NEW YORK (TheStreet) -- China funds have been rallying. During the past three months, the average China fund returned 12.1%, according to Morningstar. Investors have taken notice of the strengthening environment, putting $2 billion into iShares FTSE China 25 Index ETF FXI this year.
Positive economic news has been spurring the market gains, says Morningstar analyst Patricia Oey. Retail sales in China have been climbing, growing at an annual rate of 14.5% in October. After slowing for months, industrial production growth has stabilized at a healthy annual rate of 9%.
Economists say the improving picture may be connected to a temporary increase in infrastructure spending this year. The government mandated the stimulus to strengthen the economy at a time when a new leadership team is about to take office.
Still, the data have helped to mute fears that the country could sink badly and face what economists call a "hard landing."
Bulls say the China rally can continue. After struggling in recent years, Chinese stocks sell at modest prices. The FTSE China 25 Index only has a price-earnings ratio of 8.5, compared to a figure of 14 for the S&P 500.

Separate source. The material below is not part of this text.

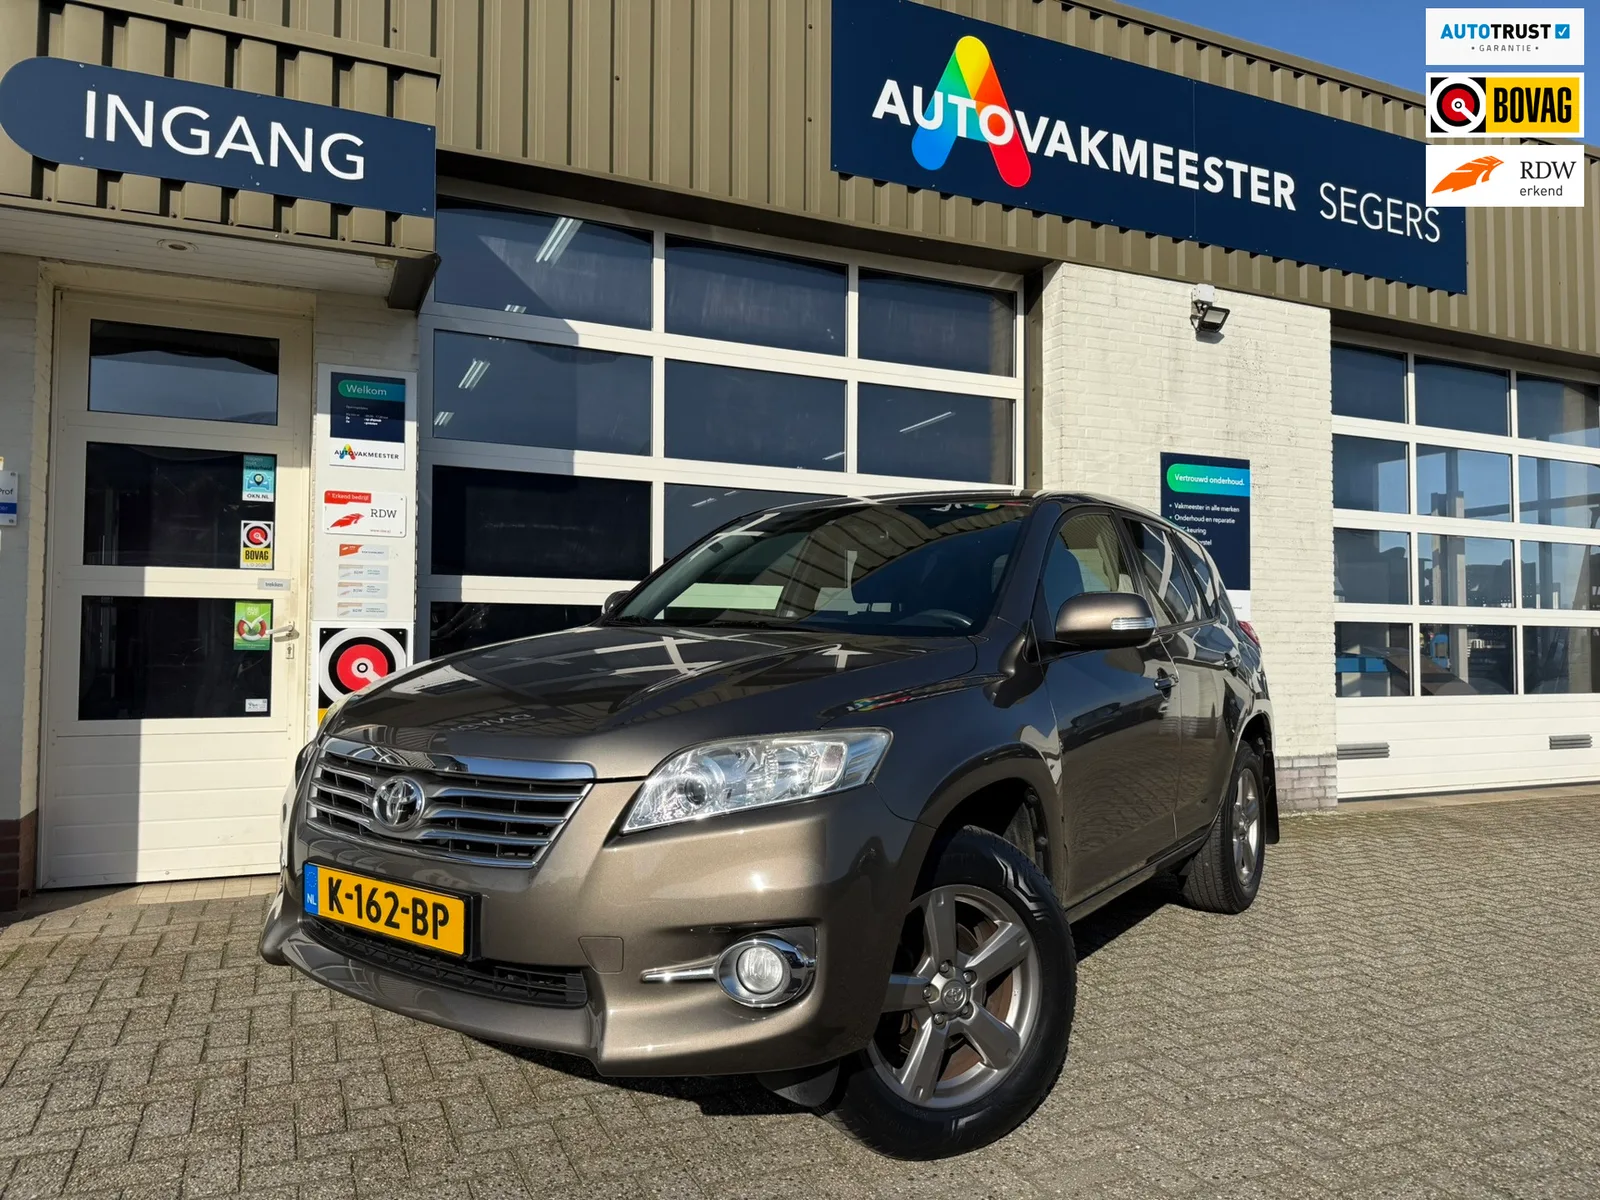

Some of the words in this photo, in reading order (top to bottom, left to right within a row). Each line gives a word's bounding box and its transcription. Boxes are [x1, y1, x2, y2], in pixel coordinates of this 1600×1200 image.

While the iShares fund is the largest China ETF, it presents considerable risks. The problem is the ETF has 58% of its assets in financials. Big holdings include China Construction Bank and Industrial and Commercial Bank of China. If China's banks ever sink, the fund would collapse.
Bears note that the financial sector faces substantial challenges. Many of the largest holdings in the ETF are state-owned banks. To stimulate the economy in recent years, the central government pressured banks to take on debt and assist borrowers that were not creditworthy. Now, the heavily indebted banks are faced with many loans that may never be repaid.
To obtain more diversification, consider pairing iShares FTSE China 25 with WisdomTree China Dividend ex-Financials CHXF . The WisdomTree fund is broadly diversified with 13% of assets in consumer staples, 24% in energy, and 15% in telecommunications. By putting half of your stake in each of the two funds, you would have 29% of the assets in financials, a reasonable allocation.
The WisdomTree fund uses a careful weighting system to insure diversification. The portfolio always includes assets in nine sectors, and no one sector can account for more than 25% of assets. No one stock can account for more than 10% of assets.
In each sector, stocks are weighted according to the total dividends that they pay. So companies with rich dividend streams dominate the fund. That could help to stabilize results because dividend payers tend to have reliable cash flows and solid balance sheets. Holdings include China Mobile CHL , a dominant cellular provider, and oil giant PetroChina PTR . WisdomTree research director Jeremy Schwartz argues that the outlook for the portfolio companies remains bright. "Growth in China could slow, but the prospects are still strong for many of the leading companies," he says.
Morningstar analyst Patricia Oey recommends SPDR S&P China GXC , which has 29% of assets in financials. Holding $952 million in assets, the SPDR ETF owns stocks listed in Hong Kong and New York. The New York listings include such fast-growing technology stocks as Internet search giant Baidu BIDU and NetEase NTES , which provides Internet portals and online games. In contrast, the iShares China fund focuses on stocks listed in Hong Kong and emphasizes big state-owned banks.
Oey also likes iShares MSCI Hong Kong EWH , which has 26% of assets in financials. The ETF has $2.9 billion in assets. Instead of focusing on state-owned banks, the index concentrates on private banks that have more freedom to avoid bad loans. The financial holdings also include Hong Kong property developers that have been benefiting from growing demand for real estate.